もしかしたら虹は、海だと思われるんじゃないかと思って、最初は俺に見せるのを躊躇ったのかもしれないな。

「完成したらまた見せてな、じゃ」

キャプテンの集合の合図が聞こえ、そう言い残し窓を閉めてグラウンドへ向かう。

見上げた空は、虹の絵と同じ青空だった。

「後はシュート練習して、ランニングして、今日は終了」

そう言い残して顧問は校舎へと入って行った。

教師も大変だな。デスクワークもあるだろうし、グラウンドは暑いし。

シュート練習は、キーパーが交代でゴールに立ち、ほかの選手のシュートを受ける。

やっと自分の番が回ってきた頃にはみんな暑さでバテてきて、まともなシュートが飛んでこなくなっていた。
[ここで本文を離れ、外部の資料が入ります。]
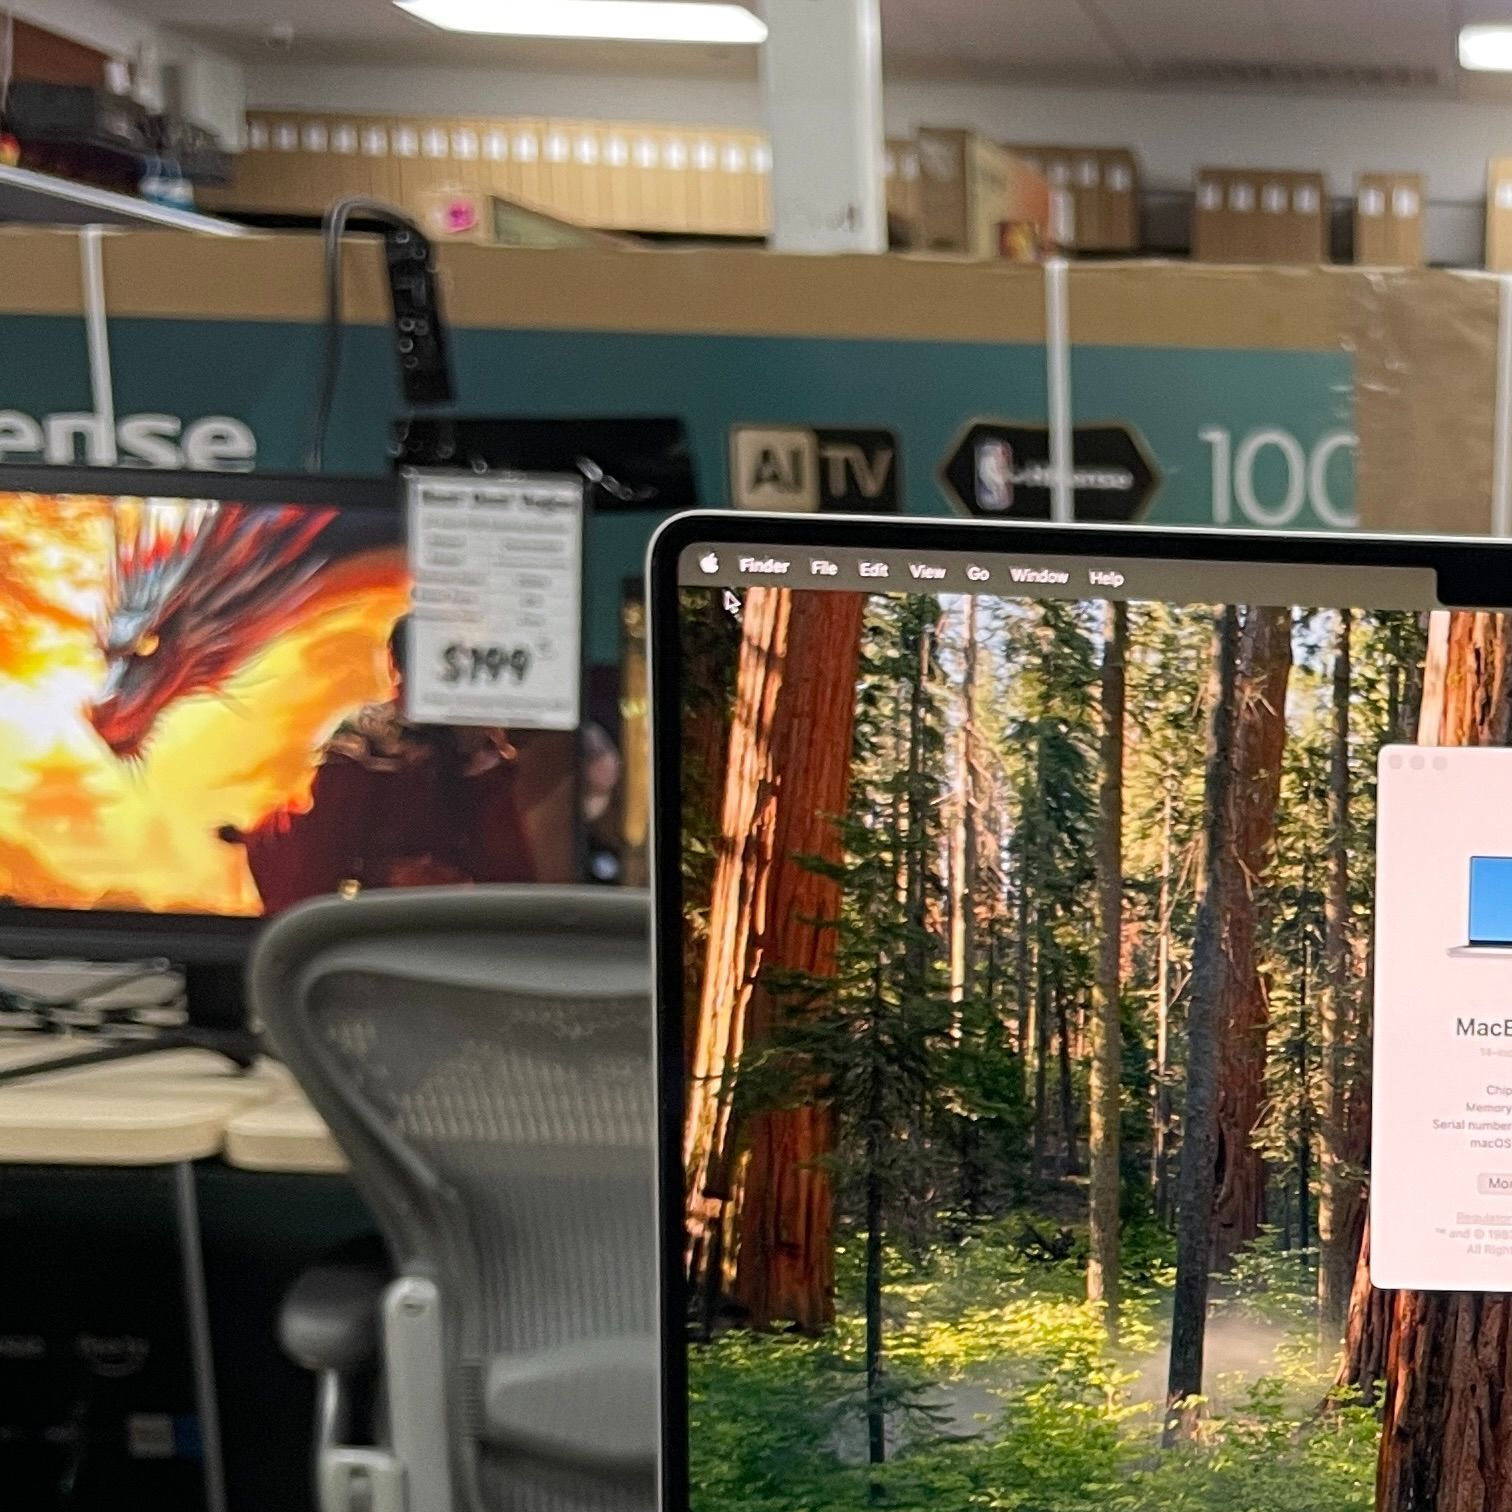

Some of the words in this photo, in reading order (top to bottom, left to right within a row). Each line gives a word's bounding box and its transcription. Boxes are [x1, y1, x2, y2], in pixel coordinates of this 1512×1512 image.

シュートへ持ち込むパスが雑で打てない。変に力が入ってゴールの上を超えていくボール。ふざけて幼稚園児でも取れるようなコロコロボール。

もう、うんざりだ。

「おい、真面目にやれよ!これじゃ練習になんねーよ!」

同級生にはともかく、先輩達に向かって思わず叫んでしまい、一瞬その場が凍りつくのを感じる。

ヤバい……。

「は?こっちはずっと体動かしてんだよ!立ってんだけのキーパーと一緒にすんな!」

同級生のイラついた言葉に何かがプチッと切れたのを感じた。

「んだと?真面目にやってから言えよ!」

思わずそいつに食らいつく。

キーパーが突っ立ってるだけだと、ホンキで思ってんのか?そんなヤツにサッカーやる資格なんてない。